Oggi vi proponiamo una lirica di Danny Bastiani, poeta toscano originario di Livorno, la cui scrittura affonda le radici nel simbolismo e nella grande tradizione poetica italiana. In “Il lago delle lucciole”, la natura diventa specchio dell’animo umano e si anima di immagini evocative, dove luce e ombra si intrecciano in un delicato viaggio tra illusione, memoria e destino. Una poesia intensa, capace di trasformare un paesaggio notturno in una riflessione sull’esistenza.
IL LAGO DELLE LUCCIOLE
di Danny Bastiani
Si specchian le lucciole vanitose,
guide danzanti su questa laguna
d’acque immote, e custodi silenziose
di aneliti intrisi d’ombra di luna.
Di preci accorate avvolte da un velo
d’oscurità, nella nebbia perdute,
volgono gli occhi imploranti ad un cielo
che per accidia vuol renderle mute.
Esse vagano qual fatue fiammelle,
cuori di piuma che ondeggiano al vento,
nascoste ai pianeti e le loro stelle
lasciando scie di fulgido argento.
Ognun di suadente baglior riluce
sì da eternar le memorie errabonde
di lor che a oblio la barca conduce
senza più il sogno di placide sponde.
Singulti di luce a cercar premura
in chi passando le osserva incantato,
ma mai s’avvede di loro natura
né della trama intessuta dal fato
che con l’inganno ed un fare irrisorio
anch’esse ridusse al proprio volere,
vittime ignare d’un riflesso illusorio
che al ciglio le attrasse sino a cadere.
Danny Bastiani (Livorno, 1986) è un poeta labronico emergente che fin da piccolo si diletta con carta e penna.
Il suo interesse verso la poesia nasce dall’influenza della sua insegnante di lettere alla scuola media, la cui enorme passione per la letteratura gli fu di ispirazione, mostrandogli quanta libertà ci fosse nella parola scritta. Da lì in poi la poesia è diventata lo specchio della sua anima, il foglio il suo migliore amico e la penna la sua voce.
Sulle orme dei poeti da lui più amati, su tutti Pascoli e Montale, il suo è uno stile simbolista che trae ispirazione da ogni cosa che lo circonda.
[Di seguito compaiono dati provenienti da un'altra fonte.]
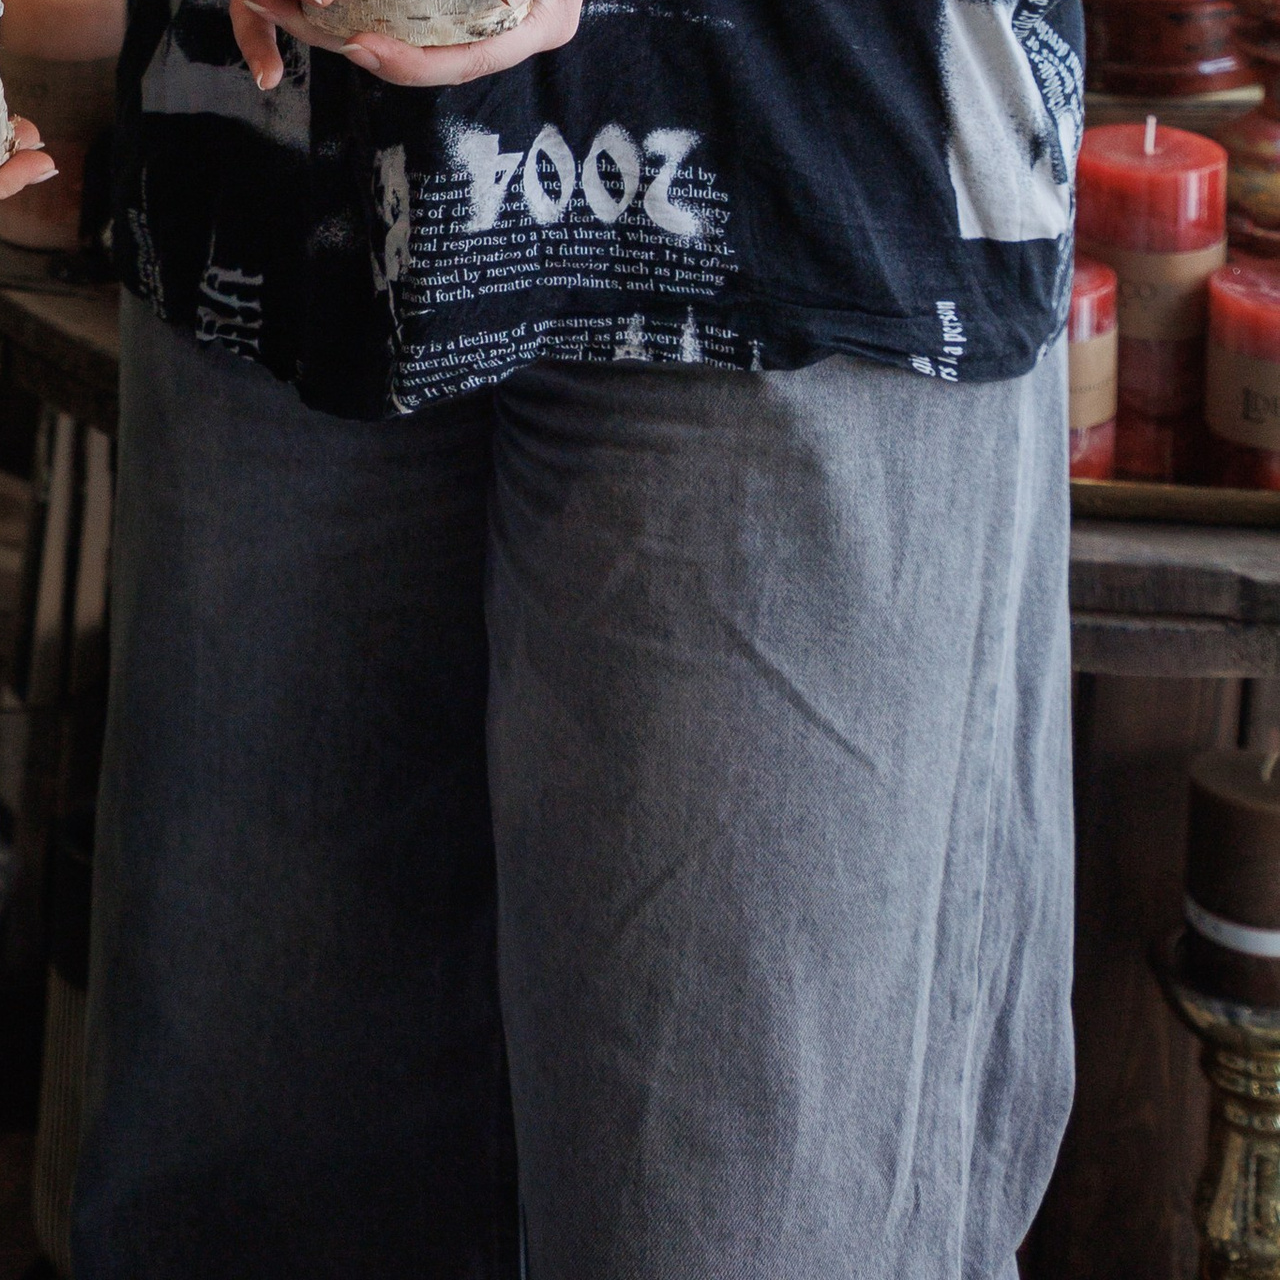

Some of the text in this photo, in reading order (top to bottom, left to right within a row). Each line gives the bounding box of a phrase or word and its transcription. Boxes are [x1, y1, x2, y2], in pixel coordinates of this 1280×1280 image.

[435, 171, 447, 184] is
[699, 166, 718, 185] by
[416, 187, 472, 203] leasant
[667, 184, 729, 203] includes
[427, 204, 447, 220] of
[519, 214, 533, 227] in
[619, 212, 658, 228] defin
[442, 232, 508, 253] response
[511, 231, 526, 244] to
[541, 227, 569, 241] real
[573, 227, 622, 242] threat,
[626, 229, 691, 250] whereas
[434, 248, 522, 268] anticipation
[524, 242, 541, 258] of
[559, 243, 604, 258] future
[609, 244, 660, 262] threat.
[664, 248, 678, 263] It
[682, 252, 695, 267] is
[463, 267, 482, 285] by
[486, 261, 542, 279] nervous
[614, 262, 650, 276] such
[654, 265, 671, 277] as
[675, 268, 726, 287] pacing
[435, 286, 476, 304] forth,
[478, 276, 533, 296] somatic
[535, 272, 624, 291] complaints,
[626, 278, 655, 292] and
[429, 339, 443, 353] is
[458, 329, 510, 349] feeling
[511, 322, 528, 337] of
[533, 315, 613, 333] uneasiness
[705, 325, 740, 339] usu-
[935, 301, 967, 342] person
[399, 348, 486, 375] generalized
[594, 331, 612, 343] as
[424, 386, 442, 400] It
[443, 382, 459, 395] is
[459, 373, 499, 391] often
Guardando con occhi diversi e pieni di curiosità, egli cerca bellezza e profondità anche laddove la natura o l’uomo non le abbiano rese esplicite, dando loro vita e trovandone la meraviglia intrinseca.
A seguito della partecipazione a un concorso poetico, Danny riceve una proposta di pubblicazione, iniziando un percorso che culmina nel 2023 con la pubblicazione della sua prima silloge poetica, I versi del cuore (SensoInverso Editore), un libro con forti contaminazioni tardo-romantiche.
Dopo qualche anno, nel 2026, pubblica la sua seconda silloge poetica, Riflessi di un’anima inquieta (Dantebus Editore), più improntata a un lessico ricercato, unito a una profonda ricerca di significato, che strizza l’occhio ai grandi poeti con un tocco di modernità. Ad oggi, pur vincolato dal suo lavoro di operaio metalmeccanico, continua a scrivere e ha all’attivo alcuni componimenti inediti, il cui stile si è evoluto verso un simbolismo moderno con contaminazioni crepuscolari.